Prison release and social reintegration of convicted persons with disabilities

After release from prison, ex-convicts with below-average intellectual functioning are often without proper employment and with limited social contacts. In addition, these convicts receive insufficient support in the community, and repeated informational interviews with the police are frequent. Concerning risk assessment, convicts with below-average intellectual functioning are more likely to be rated as the medium risk for reoffending after prison release than convicts from the general population.

According to ex-convicts with below-average intellectual functioning, there is a lack of mutual respect between them, as users of services on the one hand, and staff from social welfare, parole or health care services, as service providers, on the other. All this complicates the position of convicted persons in the post-penal period.

It is important to note that vocational rehabilitation has a significant impact on the employment of convicted persons with disabilities after prison release and that there is a consistent and positive relationship between the use of any rehabilitation service and finding a job.

The results of some research on the recidivism of prisoners with disabilities

Over 80% of offenders with intellectual functioning below average have already served a sentence, and 45% of them returned to prison within two years of being released, compared to only 20% of offenders from the general population.

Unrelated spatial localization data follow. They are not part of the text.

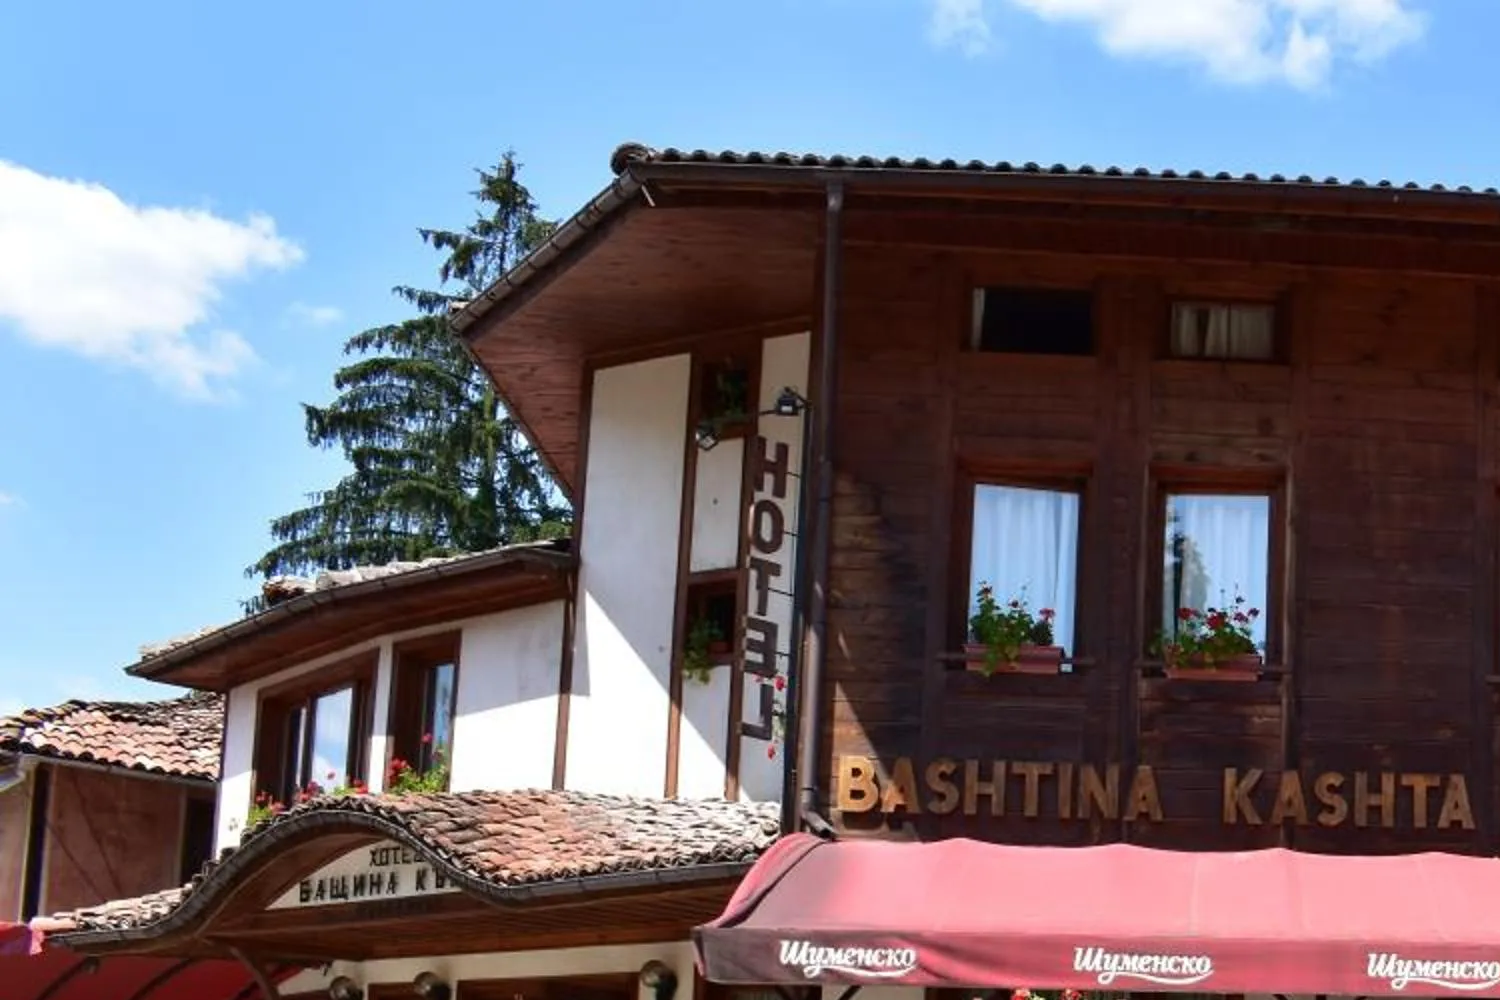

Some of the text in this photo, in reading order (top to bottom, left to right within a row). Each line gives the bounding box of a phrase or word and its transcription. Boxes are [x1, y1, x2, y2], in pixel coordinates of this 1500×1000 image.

[837, 755, 1476, 830] BASHTINA KASHTA
[300, 867, 458, 902] БАЩИНА КЪ
[779, 940, 917, 978] Шуменско
[1073, 947, 1213, 985] Шуменско
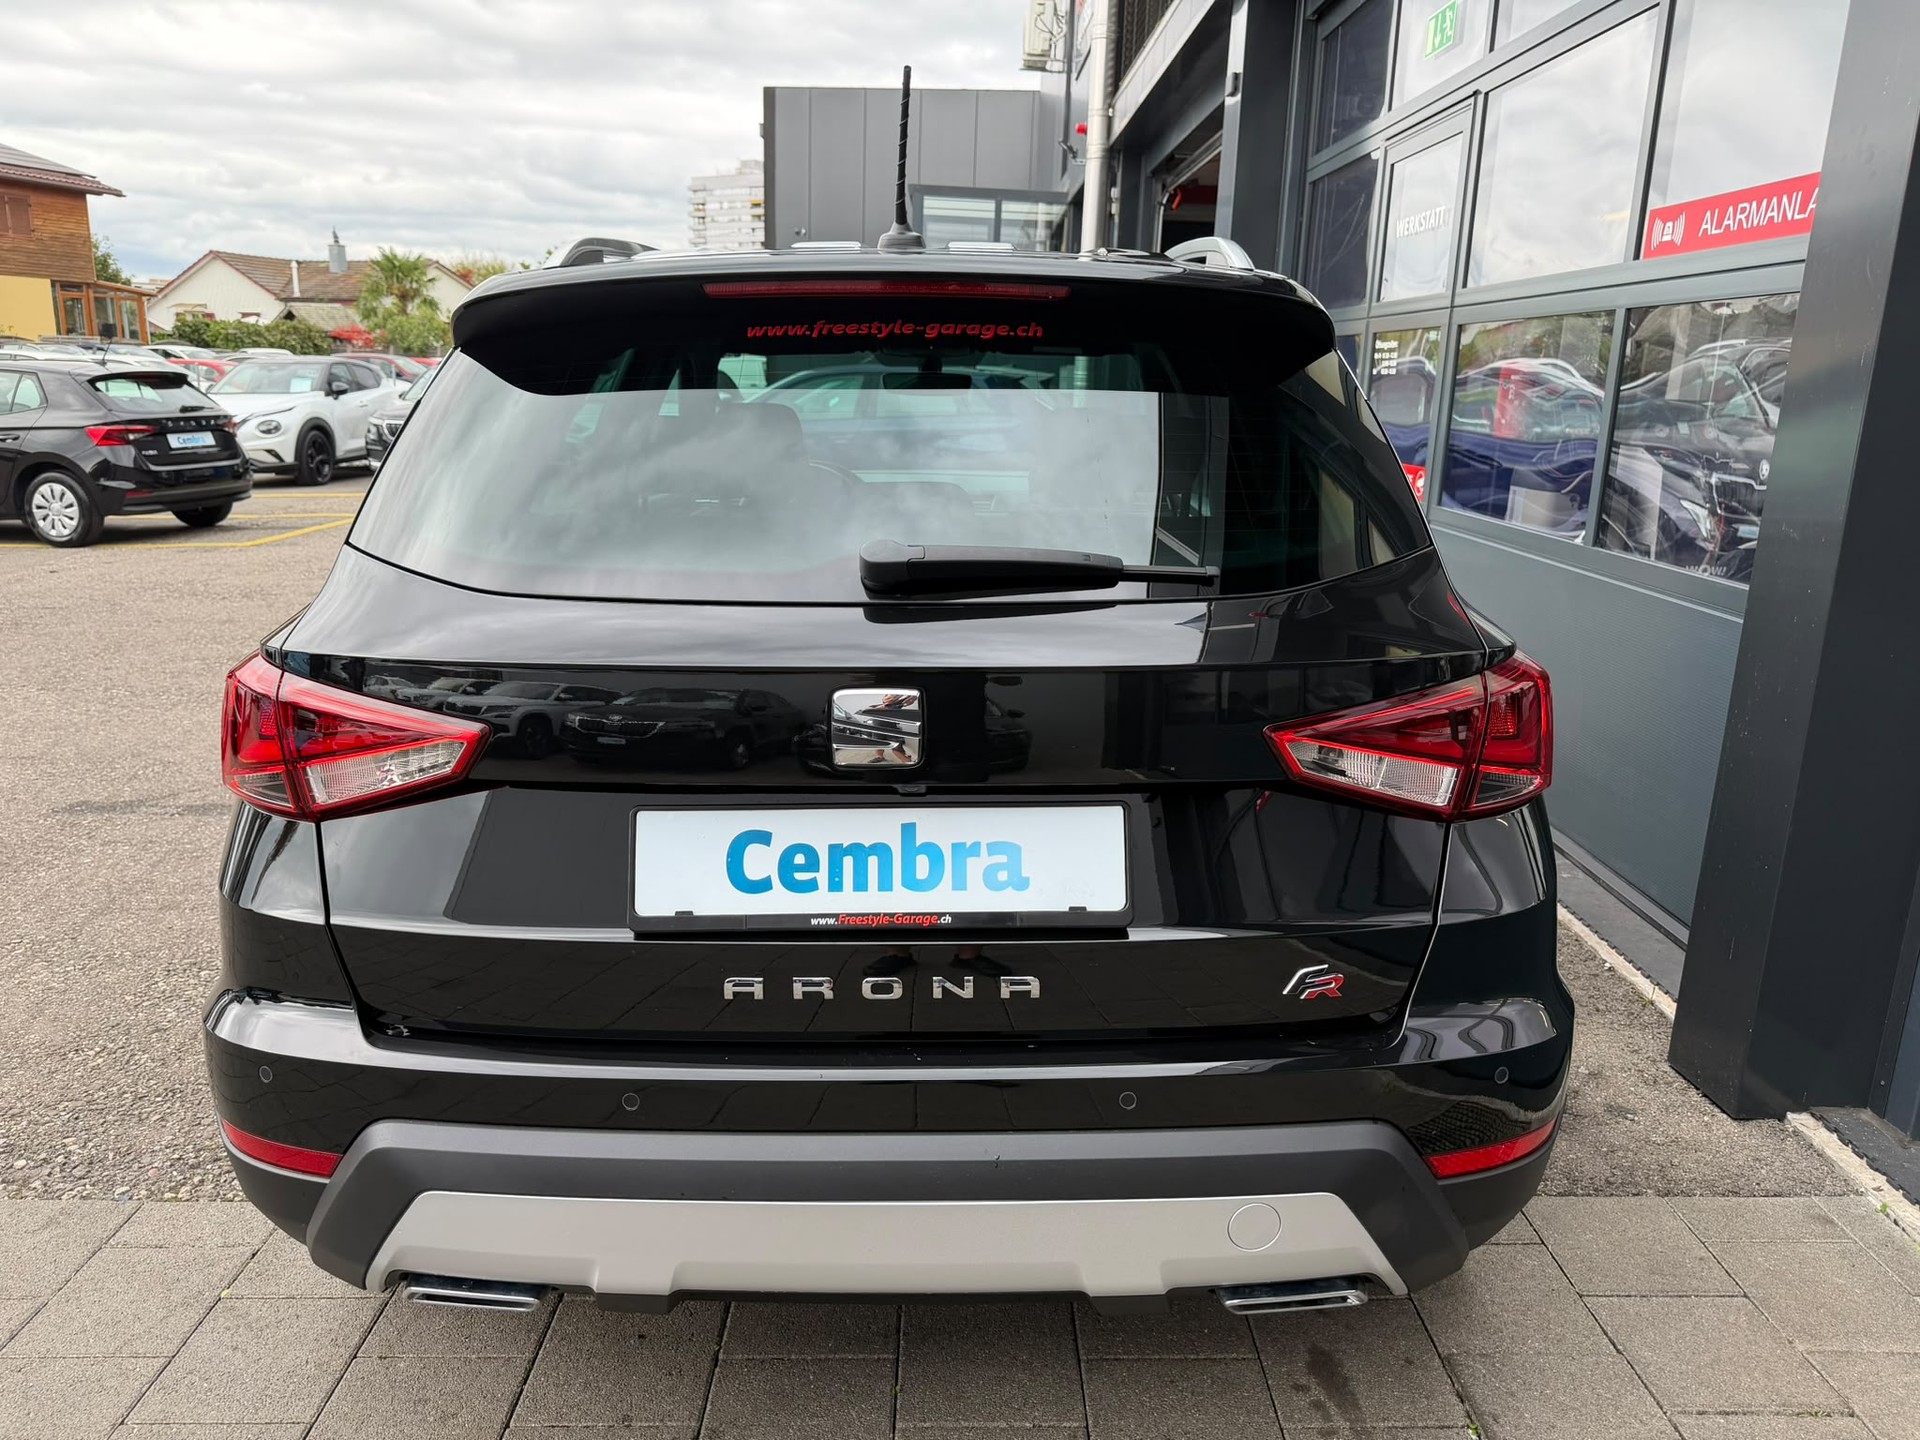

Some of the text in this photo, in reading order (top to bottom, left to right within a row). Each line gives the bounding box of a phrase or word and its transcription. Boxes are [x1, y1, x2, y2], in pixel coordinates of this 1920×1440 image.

[747, 319, 1043, 339] www.freestyle-garage.ch
[725, 821, 1031, 895] Cembra
[810, 913, 952, 928] www.Freestyle-Garage.ch
[723, 976, 1041, 1000] ARONA
[1282, 964, 1344, 1000] FR
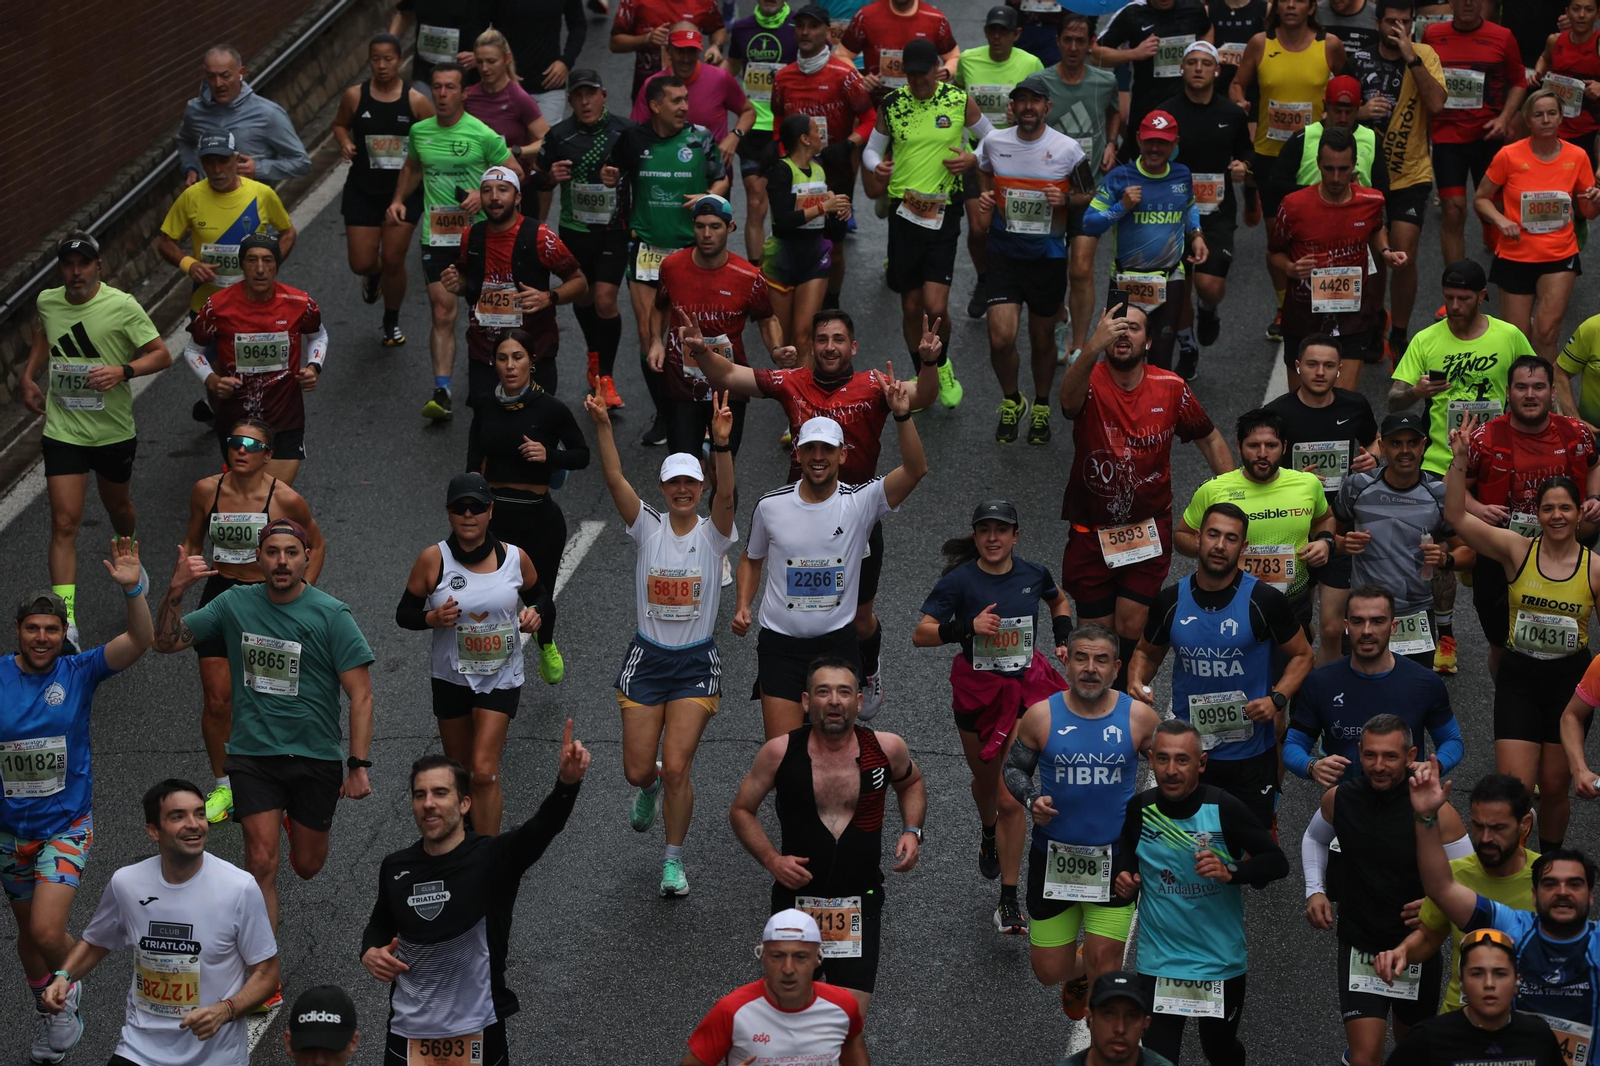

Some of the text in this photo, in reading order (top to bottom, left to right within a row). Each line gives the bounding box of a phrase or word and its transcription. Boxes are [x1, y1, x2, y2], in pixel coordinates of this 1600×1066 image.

[423, 35, 449, 50] 8595
[1160, 45, 1186, 60] 1028
[748, 72, 773, 85] 1516
[1446, 80, 1473, 92] 6954
[974, 93, 1002, 108] 8261
[1274, 112, 1301, 124] 5230
[1390, 98, 1417, 174] MARATÓN
[372, 139, 400, 151] 8273
[577, 194, 606, 206] 6699
[1012, 200, 1042, 215] 9872
[1528, 201, 1560, 215] 8035
[436, 215, 465, 227] 4040
[1133, 211, 1183, 224] TUSSAM
[1319, 279, 1351, 292] 4426
[480, 293, 511, 307] 4425
[243, 345, 277, 359] 9643
[1301, 453, 1338, 469] 9220
[1089, 457, 1115, 485] 30
[217, 526, 252, 541] 9290
[1108, 526, 1144, 546] 5893
[1244, 558, 1282, 574] 5783
[794, 571, 832, 588] 2266
[654, 580, 690, 597] 5818
[1521, 594, 1583, 614] TRIBOOST
[984, 630, 1020, 649] 7400
[1520, 625, 1567, 646] 10431
[464, 634, 503, 653] 9089
[248, 649, 286, 670] 8865
[1178, 646, 1245, 659] AVANZA
[1181, 658, 1246, 679] FIBRA
[1198, 705, 1237, 726] 9996
[1343, 726, 1366, 738] SER
[4, 752, 57, 772] 10182
[1052, 752, 1127, 765] AVANZA
[1055, 767, 1123, 786] FIBRA
[1056, 856, 1098, 877] 9998
[1157, 882, 1221, 897] AndalBrok
[411, 893, 447, 905] TRIATLÓN
[811, 911, 846, 931] 113
[159, 927, 181, 938] CLUB
[144, 939, 196, 953] TRIATLÓN
[143, 978, 194, 1002] 12728
[1519, 987, 1584, 997] COSTA TROPICAL
[297, 1010, 342, 1024] adidas
[752, 1033, 771, 1045] edp
[419, 1039, 465, 1057] 5693

Recidivism in this population is 41%, according to data from another study.

Research has also revealed a distinctive pattern of recidivism. Given their prior experiences and the limited professional and job-related training they got in prison, convicts with below-average intellectual functioning or other developmental disabilities are a risk category for recidivism.

Other authors, on the other hand, examined what recidivism in this population of convicts depends on. In the research, they pointed to the previous history of committing criminal offences, more precisely the number of previous offences, committing crimes against property and crimes related to drugs, followed by the violation of parole and history of substance abuse as significant factors of recidivism. While unemployment and unstable or inadequate housing have also been associated with recidivism, a history of psychiatric conditions or disorders has a considerable influence as well.


All prison populations, including those with all types and degrees of disabilities, need to be reintegrated into society and have recidivism prevented through training programs and employment support. These prisoners are a diverse group. Their successful social reintegration poses a challenge to support services provided by professionals as well as to the entire prison system. Therefore, the success of prison sentences would depend on the early identification of those who have learning difficulties or any other sort of developmental issue or adult-onset disability.

In order to identify developmental disorders and provide appropriate support in the prison environment, it is also important to implement training programs, increase employee capacity, and sensitize staff, particularly treatment officers and members of security services. Programs for social and adaptive skills based on the theories of disability studies and practice may be essential for convicted individuals with below-average intellectual functioning to successfully adjust to life in prison and actively participate in prison activities.

Milena Milićević and Ljeposava Ilijić


Nonte: The blog text is partially taken from the article Milićević, M. & Ilijić Lj. (2022). Persons with Intellectual Disabilities and Violations of Legal Norms – Some Characteristics of the Population and Challenges in the Execution of Prison Sentences [in Serbian]. Zbornik Instituta za kriminološka i sociološka istraživanja, 41(1), 41-53.